* Task requirements: Skip the images and copy each record exactly as written.

* Data:
___
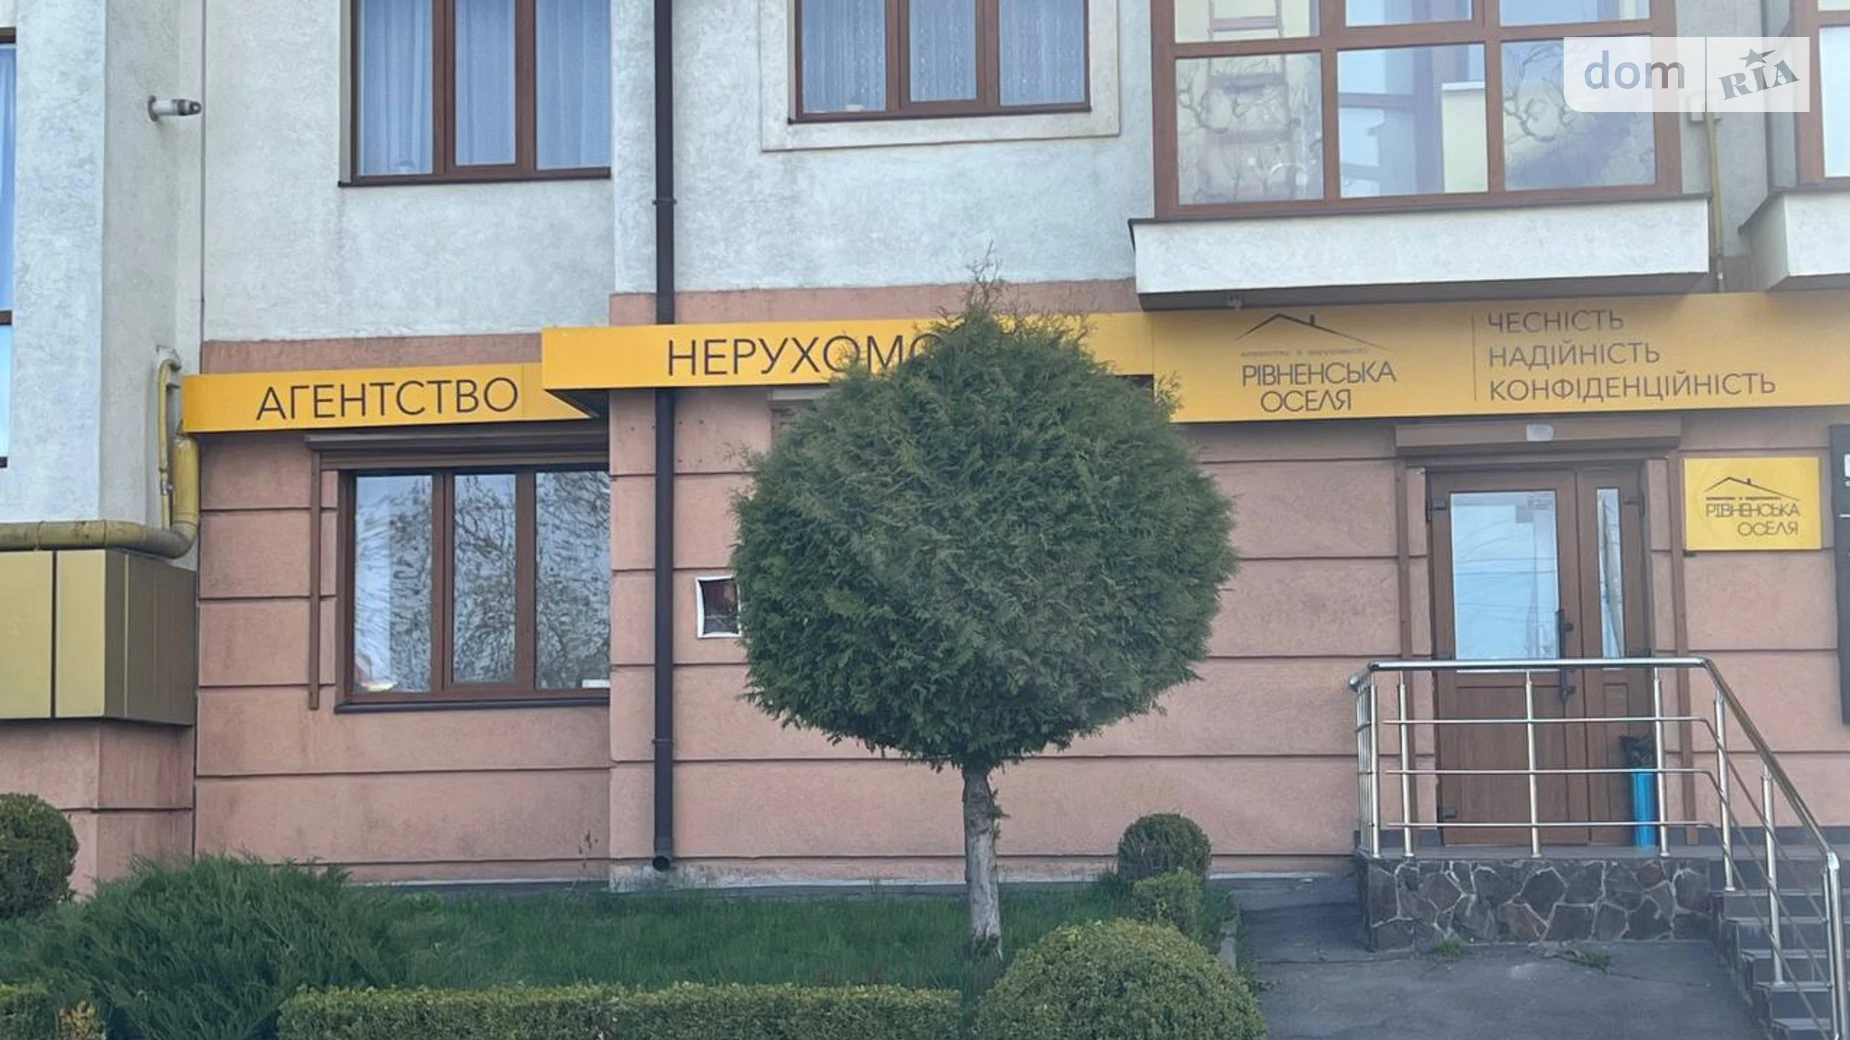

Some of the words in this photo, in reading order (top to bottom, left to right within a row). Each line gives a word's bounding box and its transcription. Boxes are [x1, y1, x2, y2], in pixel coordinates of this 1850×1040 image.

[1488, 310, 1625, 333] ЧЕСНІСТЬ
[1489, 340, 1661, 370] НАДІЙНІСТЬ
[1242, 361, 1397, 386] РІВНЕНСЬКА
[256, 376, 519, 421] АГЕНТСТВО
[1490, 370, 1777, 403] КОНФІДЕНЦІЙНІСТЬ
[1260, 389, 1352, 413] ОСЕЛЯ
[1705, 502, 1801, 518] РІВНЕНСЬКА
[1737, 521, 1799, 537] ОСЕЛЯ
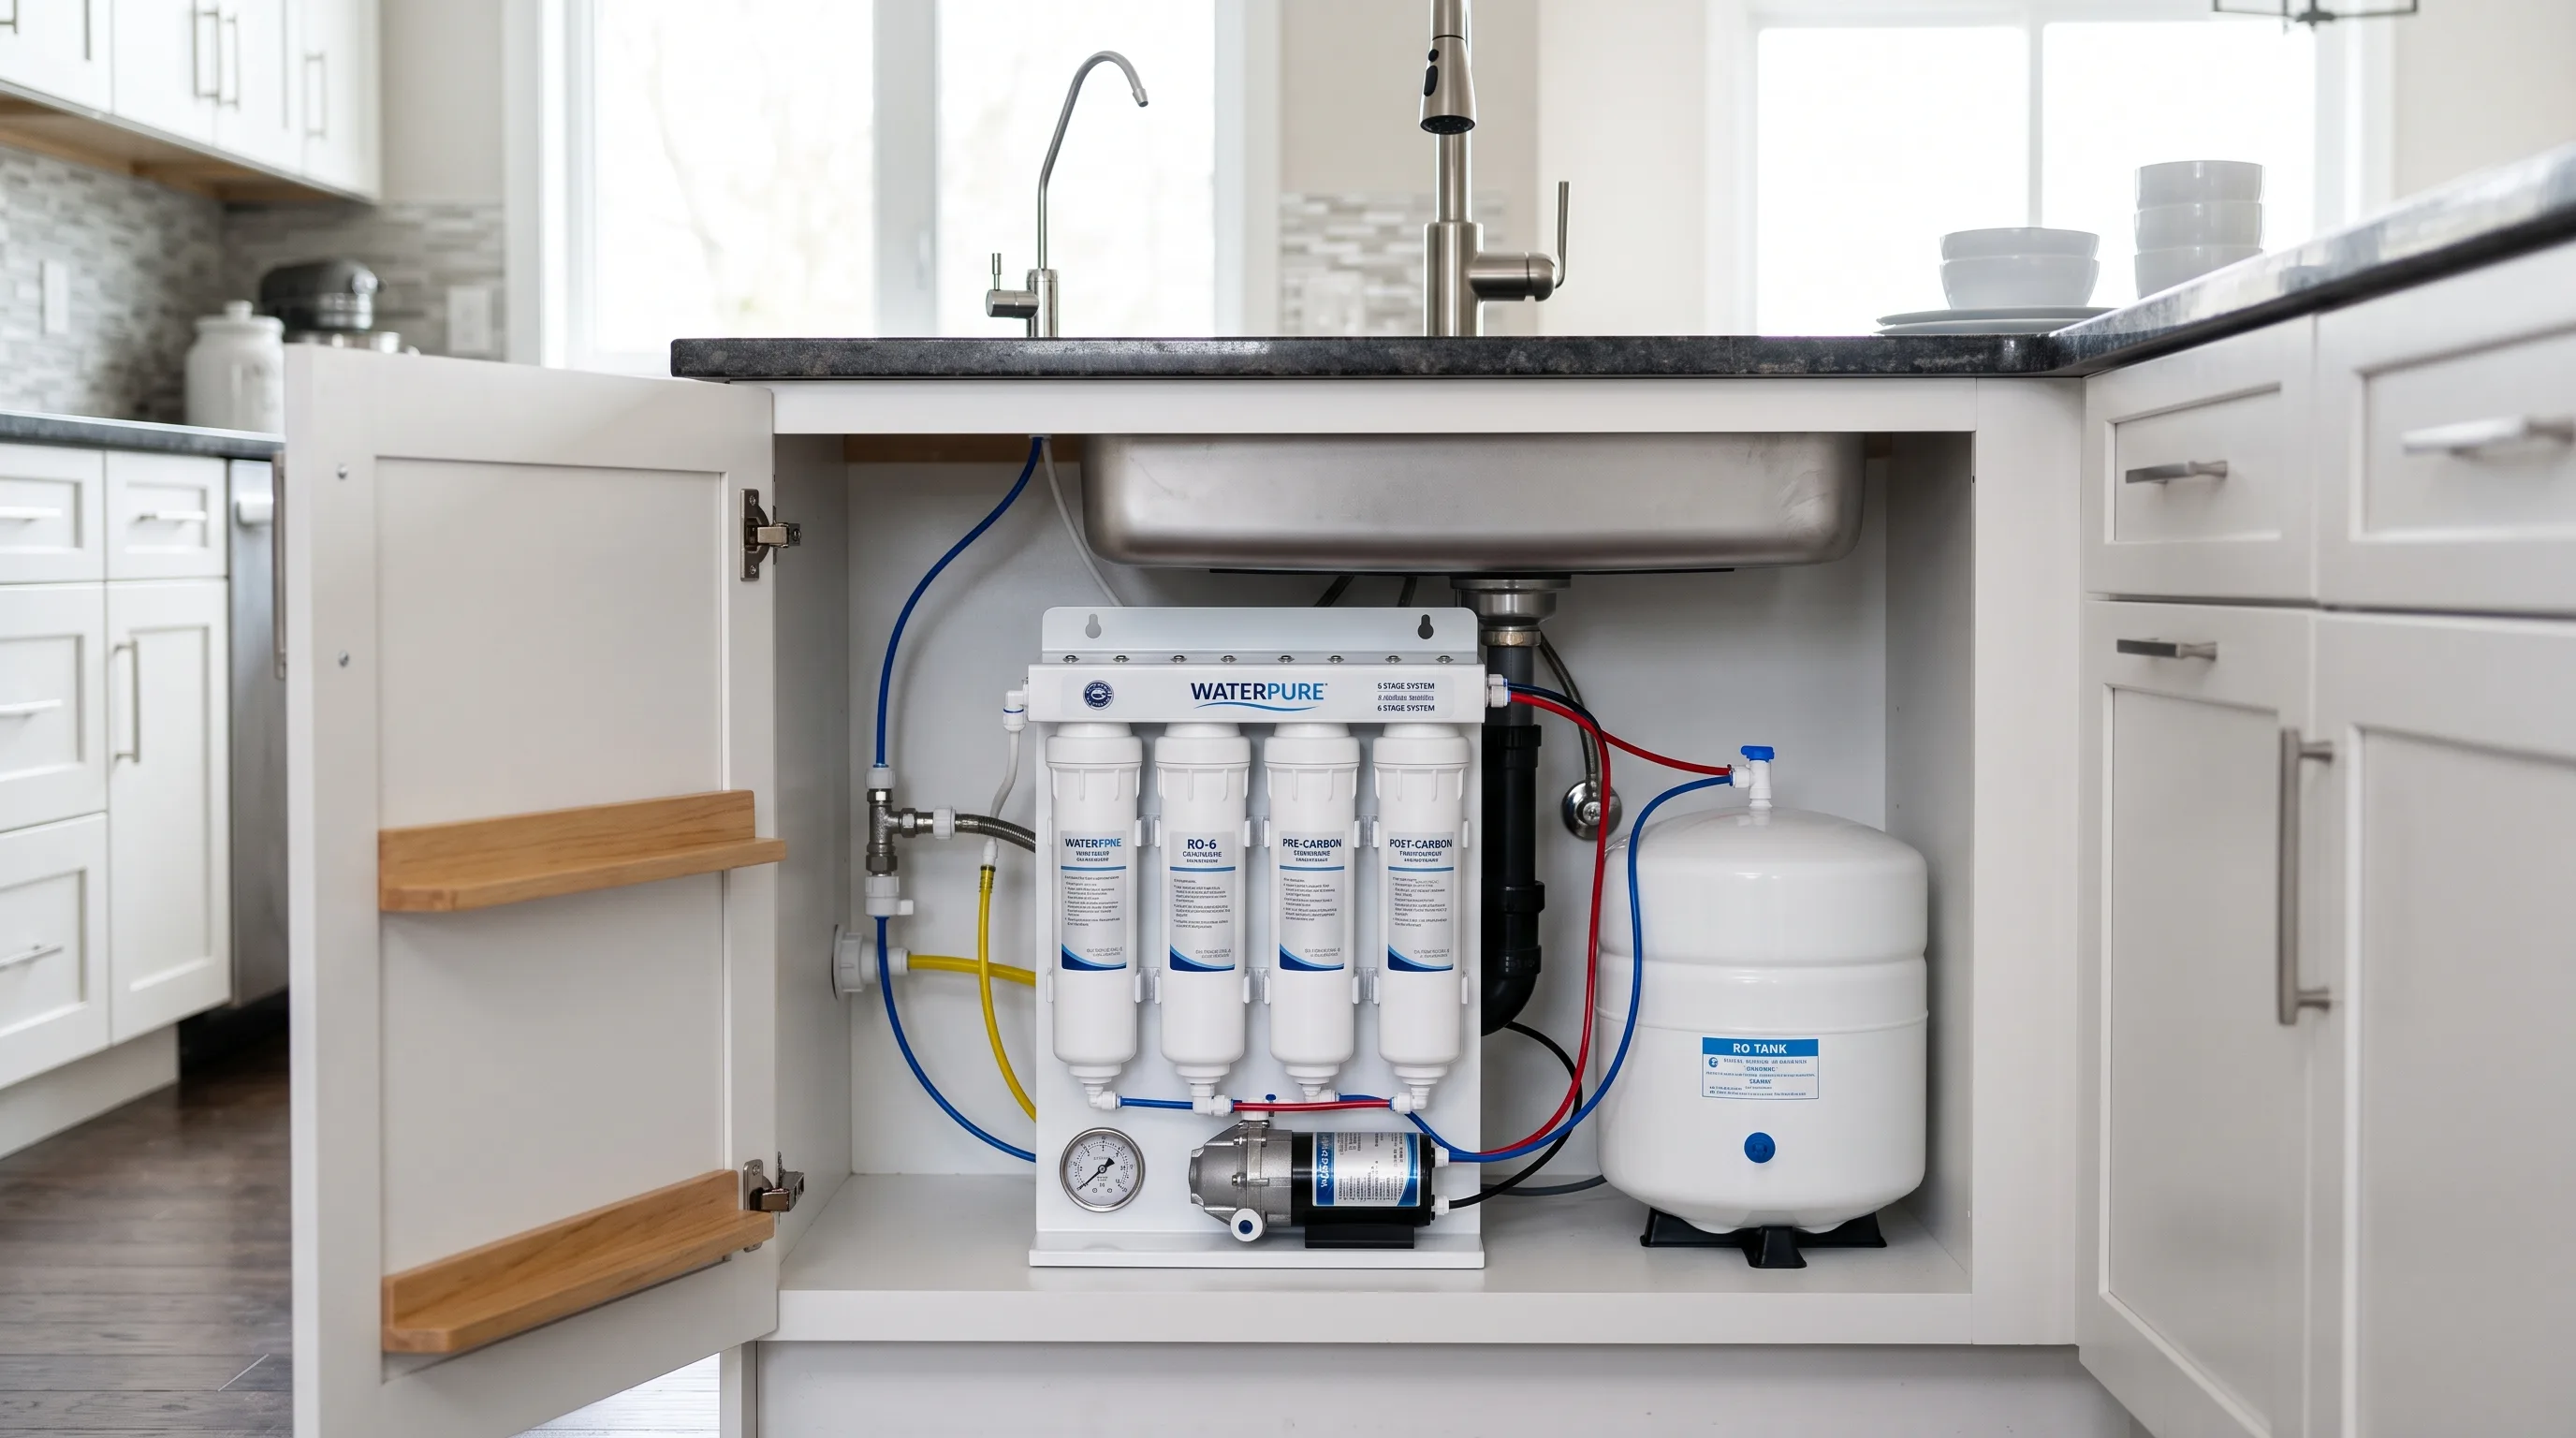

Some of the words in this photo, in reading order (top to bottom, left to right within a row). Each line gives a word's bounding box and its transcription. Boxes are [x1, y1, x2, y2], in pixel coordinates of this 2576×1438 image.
___
* Result of this task:
Some of the words in this photo, in reading order (top to bottom, left to right within a row). Each line gives a word's bounding box and its transcription. Boxes are [x1, y1, x2, y2], in pixel coordinates of this 1850×1040 image.

[1488, 310, 1625, 333] ЧЕСНІСТЬ
[1489, 340, 1661, 370] НАДІЙНІСТЬ
[1242, 361, 1397, 386] РІВНЕНСЬКА
[256, 376, 519, 421] АГЕНТСТВО
[1490, 370, 1777, 403] КОНФІДЕНЦІЙНІСТЬ
[1260, 389, 1352, 413] ОСЕЛЯ
[1705, 502, 1801, 518] РІВНЕНСЬКА
[1737, 521, 1799, 537] ОСЕЛЯ

Some of the words in this photo, in reading order (top to bottom, left to right within a row). Each line gives a word's bounding box and its transcription. Boxes are [x1, y1, x2, y2], in pixel coordinates of this 2576×1438 image.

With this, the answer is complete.